▶ [WORKING DATA]:

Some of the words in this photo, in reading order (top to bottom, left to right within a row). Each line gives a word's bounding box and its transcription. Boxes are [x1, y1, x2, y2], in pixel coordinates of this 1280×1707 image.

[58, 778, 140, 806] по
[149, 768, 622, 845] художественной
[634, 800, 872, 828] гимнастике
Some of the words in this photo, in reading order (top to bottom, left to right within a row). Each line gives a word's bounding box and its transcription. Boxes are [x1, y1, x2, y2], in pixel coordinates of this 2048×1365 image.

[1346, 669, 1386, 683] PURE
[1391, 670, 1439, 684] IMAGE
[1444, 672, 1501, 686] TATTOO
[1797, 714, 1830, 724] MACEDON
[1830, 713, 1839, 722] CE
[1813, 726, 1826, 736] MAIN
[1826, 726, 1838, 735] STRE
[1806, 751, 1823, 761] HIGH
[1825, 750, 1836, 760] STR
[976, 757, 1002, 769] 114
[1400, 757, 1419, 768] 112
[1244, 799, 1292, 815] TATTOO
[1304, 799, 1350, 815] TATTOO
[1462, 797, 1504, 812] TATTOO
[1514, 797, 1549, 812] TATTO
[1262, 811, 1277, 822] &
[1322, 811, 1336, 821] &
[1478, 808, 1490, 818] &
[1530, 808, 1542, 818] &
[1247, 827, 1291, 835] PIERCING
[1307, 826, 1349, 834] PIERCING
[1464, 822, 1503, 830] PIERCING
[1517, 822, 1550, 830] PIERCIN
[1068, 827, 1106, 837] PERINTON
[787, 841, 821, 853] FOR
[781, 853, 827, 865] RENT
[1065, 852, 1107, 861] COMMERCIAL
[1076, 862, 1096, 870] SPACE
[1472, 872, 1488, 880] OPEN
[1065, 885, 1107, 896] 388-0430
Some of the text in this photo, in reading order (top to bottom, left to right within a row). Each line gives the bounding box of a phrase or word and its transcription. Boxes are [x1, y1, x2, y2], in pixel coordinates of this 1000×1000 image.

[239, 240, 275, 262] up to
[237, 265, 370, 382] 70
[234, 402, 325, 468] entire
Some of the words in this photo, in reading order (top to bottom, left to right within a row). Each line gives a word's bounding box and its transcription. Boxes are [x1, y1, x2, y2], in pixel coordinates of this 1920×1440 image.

▶ [PROBLEM STATEMENT]: Set down exactly the lines above, from the one containing "Some of the text" to the final line of the material, with both ends kept and no other lines.

▶ [RESPONSE AREA]:
Some of the text in this photo, in reading order (top to bottom, left to right within a row). Each line gives the bounding box of a phrase or word and its transcription. Boxes are [x1, y1, x2, y2], in pixel coordinates of this 1000×1000 image.

[239, 240, 275, 262] up to
[237, 265, 370, 382] 70
[234, 402, 325, 468] entire
Some of the words in this photo, in reading order (top to bottom, left to right within a row). Each line gives a word's bounding box and its transcription. Boxes are [x1, y1, x2, y2], in pixel coordinates of this 1920×1440 image.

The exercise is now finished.